__ASSIGNMENT__. Print every entry, word for word, and skip the images.

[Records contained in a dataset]
[Start of Attachment]

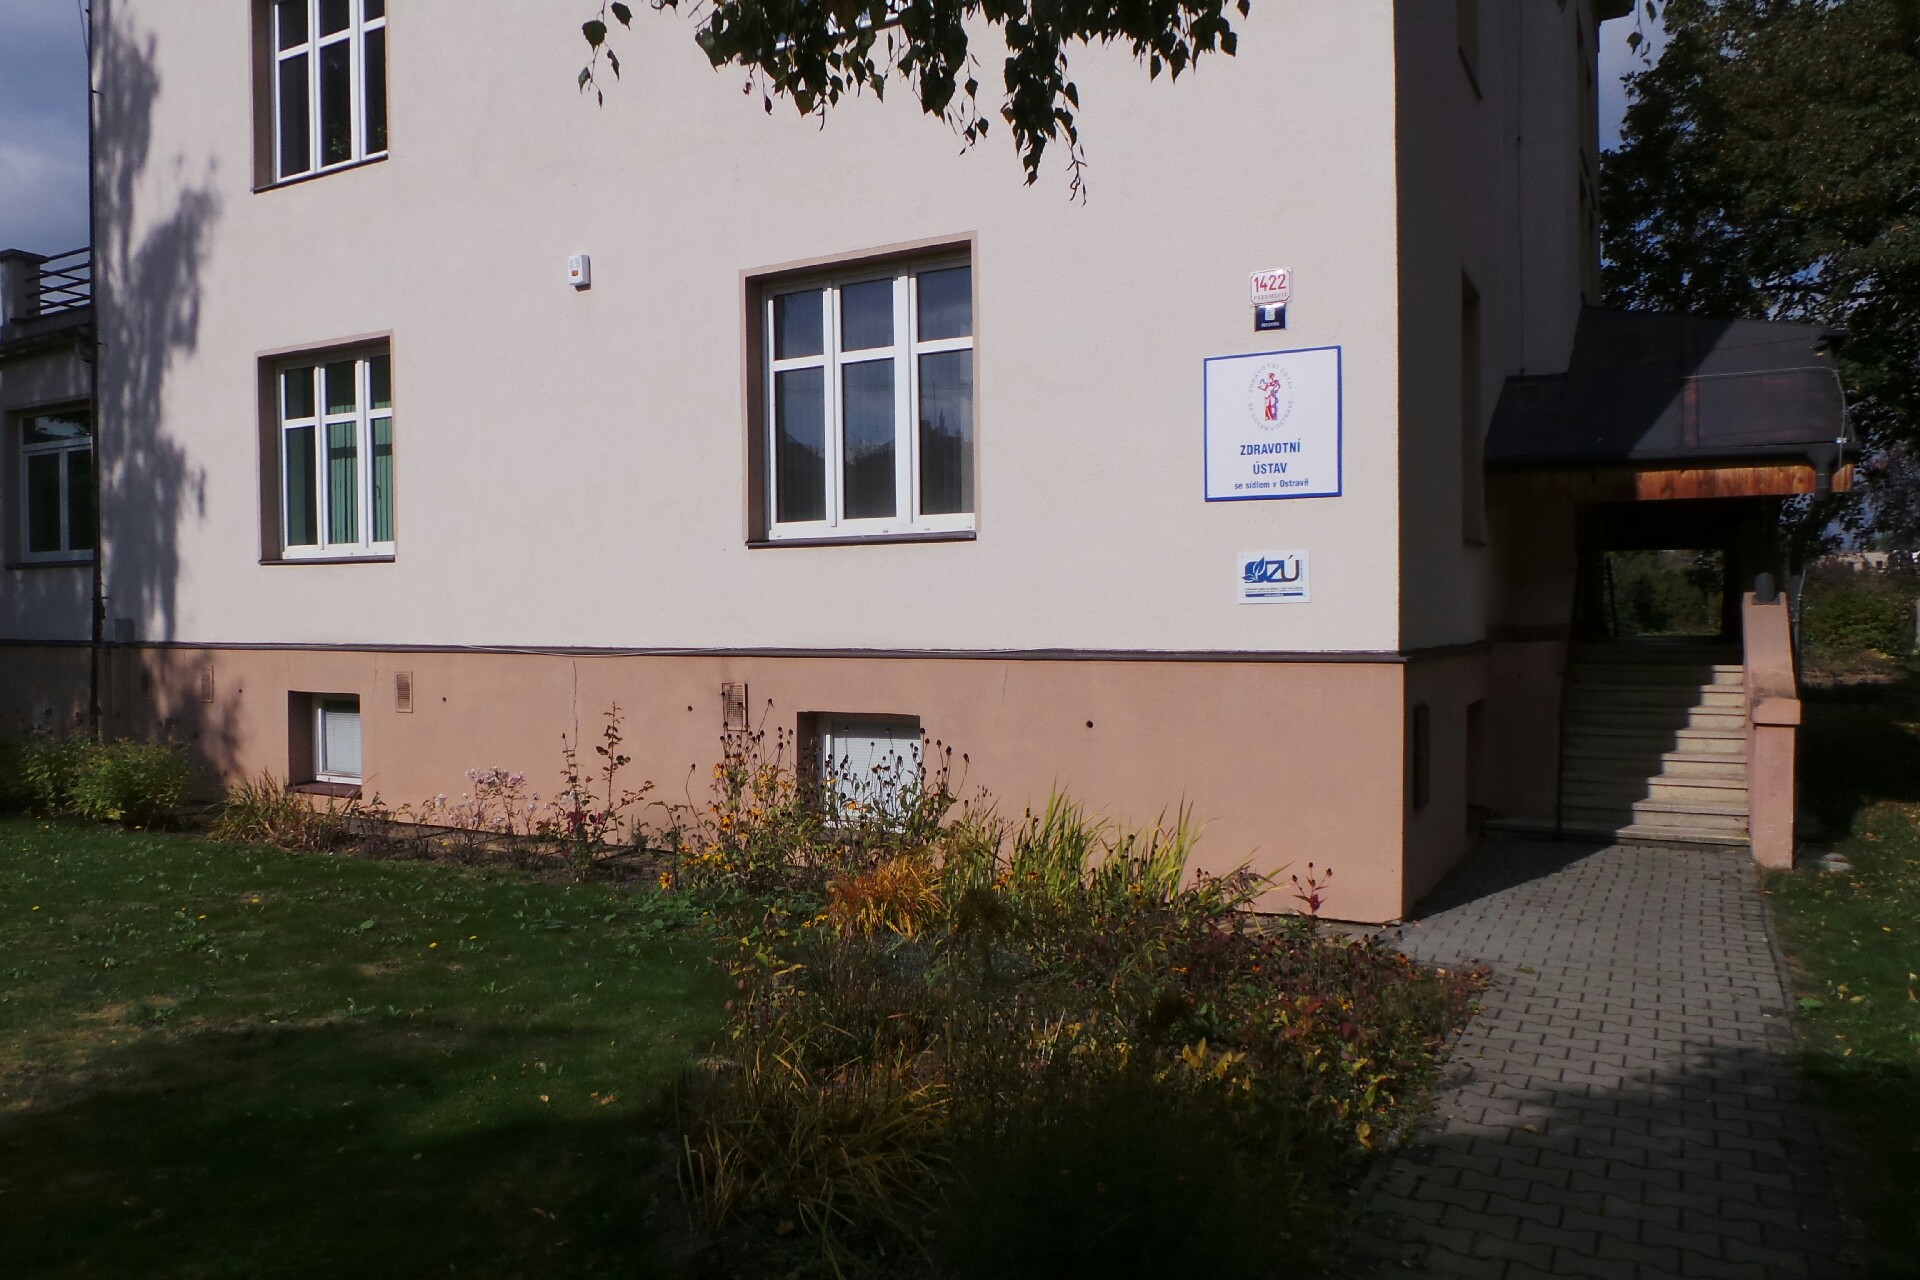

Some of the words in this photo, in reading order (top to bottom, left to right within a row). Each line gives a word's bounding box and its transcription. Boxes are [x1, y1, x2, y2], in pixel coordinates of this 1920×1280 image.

[1254, 274, 1287, 293] 1422
[1240, 438, 1301, 456] ZDRAVOTNÍ
[1252, 460, 1288, 475] ÚSTAV
[1234, 482, 1243, 490] se
[1245, 480, 1270, 489] sídlem
[1280, 478, 1309, 488] Ostravě
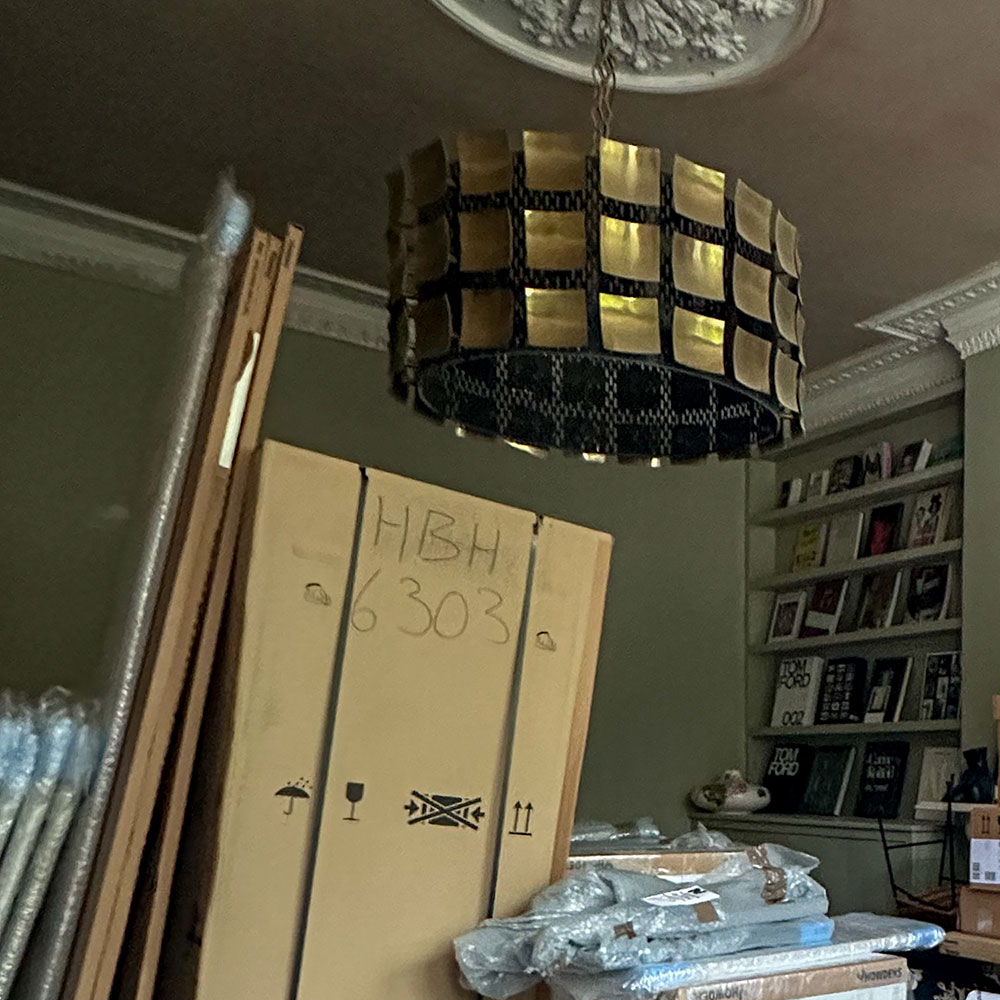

[End of Attachment]

__FINISHED EXERCISE__.
Some of the words in this photo, in reading order (top to bottom, left to right within a row). Each line gives a word's bounding box and its transcription. Boxes are [x1, y1, x2, y2], in pixel coordinates of this 1920×1280 image.

[1254, 274, 1287, 293] 1422
[1240, 438, 1301, 456] ZDRAVOTNÍ
[1252, 460, 1288, 475] ÚSTAV
[1234, 482, 1243, 490] se
[1245, 480, 1270, 489] sídlem
[1280, 478, 1309, 488] Ostravě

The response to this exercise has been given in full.